Les propositions concernant des thématiques cataloguées type « rétablissement peine de mort », « reconsidérer le mariage pour tous » « anti immigration » « révision acquis sociaux » ont été massivement rejetées. Ces thématiques sont utilisées par le gouvernement contre les gilets jaunes pour effrayer les citoyens n’ayant pas connaissance du RIC… et étiquettes utilisées pour les dissuader de rejoindre le mouvement.
2. Pour une négociation
a- Les modalités de négociations
Présence significative des termes « négocier » « négociation ». Propositions de moyens de sortir de l’impasse. Hiérarchisation des interlocuteurs privilégiés en fonction des sujets. Les diverses contributions ont une portée plus profonde qu’un débat d’idées ou l’expression de doléances. L’expression libre porte sur des sujets allant de la refonte des institutions à la façon d’entreprendre la transition écologique. Ce n’est pas une simple « consultation » dont le périmètre serait borné par des question fermées…
b- La place de l’homme ou la femme providentielle
Les arguments/propositions propulsent le citoyen au cœur de l’administration et de la législation qui entourent le débat public. Les personnalités politiques sont mentionnées dans plusieurs classes sur des sujets précis, mais pas en tant que garants ou représentants, il n’y a pas non plus de mise en avant des figures médiatiques par les contributeurs.
La classe politique est ainsi taxée d’incompétence, arguments à l’appui, pour assurer la sécurité de l’offre de vie quotidienne, la liberté et l’égalité des citoyens. Les citoyens apparaissent alors comme la dernière figure collective légitime afin de rediscuter le contrat social de départ.

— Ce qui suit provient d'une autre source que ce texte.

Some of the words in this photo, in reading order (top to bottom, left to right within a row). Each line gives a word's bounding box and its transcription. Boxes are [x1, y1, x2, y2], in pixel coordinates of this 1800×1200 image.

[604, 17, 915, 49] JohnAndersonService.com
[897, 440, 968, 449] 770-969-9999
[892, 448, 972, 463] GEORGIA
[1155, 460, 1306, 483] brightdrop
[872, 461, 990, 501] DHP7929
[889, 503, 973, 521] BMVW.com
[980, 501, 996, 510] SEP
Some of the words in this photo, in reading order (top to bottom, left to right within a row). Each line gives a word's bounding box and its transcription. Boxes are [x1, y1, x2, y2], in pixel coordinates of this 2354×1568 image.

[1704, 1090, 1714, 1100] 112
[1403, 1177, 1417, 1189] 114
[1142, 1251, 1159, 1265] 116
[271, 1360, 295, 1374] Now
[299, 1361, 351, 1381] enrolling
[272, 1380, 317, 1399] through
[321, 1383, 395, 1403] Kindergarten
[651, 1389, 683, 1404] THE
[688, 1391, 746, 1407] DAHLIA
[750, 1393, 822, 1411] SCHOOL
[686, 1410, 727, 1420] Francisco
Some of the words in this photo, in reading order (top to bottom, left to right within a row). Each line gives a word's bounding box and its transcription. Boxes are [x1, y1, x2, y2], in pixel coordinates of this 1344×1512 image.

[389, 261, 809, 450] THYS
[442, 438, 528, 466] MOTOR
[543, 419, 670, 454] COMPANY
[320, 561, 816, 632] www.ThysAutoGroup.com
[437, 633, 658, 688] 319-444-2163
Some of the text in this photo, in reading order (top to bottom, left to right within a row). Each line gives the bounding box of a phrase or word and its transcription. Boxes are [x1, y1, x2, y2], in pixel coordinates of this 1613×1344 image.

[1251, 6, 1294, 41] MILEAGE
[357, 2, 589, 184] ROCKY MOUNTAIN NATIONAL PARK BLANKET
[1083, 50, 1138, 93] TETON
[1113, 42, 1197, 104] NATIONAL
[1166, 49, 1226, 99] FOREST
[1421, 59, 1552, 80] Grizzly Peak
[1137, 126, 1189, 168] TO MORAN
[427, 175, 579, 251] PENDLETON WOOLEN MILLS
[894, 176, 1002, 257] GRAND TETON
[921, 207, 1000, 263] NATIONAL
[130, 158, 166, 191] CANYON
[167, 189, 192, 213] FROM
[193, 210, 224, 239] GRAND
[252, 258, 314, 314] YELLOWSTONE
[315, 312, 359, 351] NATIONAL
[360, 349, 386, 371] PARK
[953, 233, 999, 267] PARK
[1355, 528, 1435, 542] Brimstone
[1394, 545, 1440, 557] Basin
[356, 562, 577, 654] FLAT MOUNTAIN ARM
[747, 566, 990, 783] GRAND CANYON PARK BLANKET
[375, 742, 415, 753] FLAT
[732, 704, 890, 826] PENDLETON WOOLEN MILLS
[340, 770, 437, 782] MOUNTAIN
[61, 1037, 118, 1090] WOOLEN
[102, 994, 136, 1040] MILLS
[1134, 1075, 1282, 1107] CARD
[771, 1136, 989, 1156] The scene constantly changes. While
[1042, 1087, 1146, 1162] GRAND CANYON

c-Les citoyens, négociateurs responsables
Volonté pour chacun de remplir son rôle de citoyen par la proposition de mesures, en agissant comme un acteur de la vie politique et avec une certaine légitimité en tant que citoyen mais aussi en tant que citoyen militant depuis plusieurs mois voire plusieurs années.
d- Redéfinir et contrôle le pouvoir
Méfiance à l’égard des institutions politiques actuelles et l’impératif de changement des représentations. C’est la légitimité et la compétence des représentants de l’État qui sont rejetées.
Volonté de contrôler le travail du politique, de se substituer au politique, de redéfinir les règles du jeu, d’être décisionnaire. Il s’agit également d’éviter que le gouvernement et les parlementaires prennent des décisions contraires aux promesses qui les avaient fait élire et, plus généralement, aux intérêts du peuple.
e- Refonte du contrat social, pas pour le « dégagisme »
Sont remises en cause : Transparence, éthique de responsabilité et efficacité de l’action publique. Absence d’opinions significatives pour une posture de «dégagisme». La 5ème République est repensée pour mieux fonctionner, sous-entendant la possibilité qu’elle fonctionnerait mieux, davantage régulée et réordonnée.
Il n’y a pas de rejet de l’État ni de disparition de l’État. En revanche, il y a un rejet de la méritocratie au profit de la régulation collective.
f- Réformer ou quitter l’Europe
Globalement, il n’y a pas de traces significatives de sentiment anti-européen, mais un euroscepticisme dirigé contre le fonctionnement actuel des institutions européennes. La nécessité de réformer l’Europe apparaît donc de manière centrale.
g- Questions environnementales
Deux axes complémentaires se dégagent : la transition agricole et la transition énergétique
Les propositions qui portent sur ce sujet sont trois fois plus nombreuses que celles qui portent sur l’Europe (pour donner un ordre de grandeur). Transition énergétique: arguments qui dépassent nettement la question du prix du carburant. Les contributeurs livrent un éventail de solutions présentées comme alternatives : voiture électrique, véhicules écologiques, transports ferroviaires, etc.
L’État et notamment les services publics apparaissent comme les garants de l’intérêt général en matière de transition environnementale. Il est désigné à la fois comme responsable et seul capable d’orchestrer cette transition : arbitrage des choix, programmes, financement des énergies renouvelables, renationalisation de l’industrie énergétique, évaluation, etc.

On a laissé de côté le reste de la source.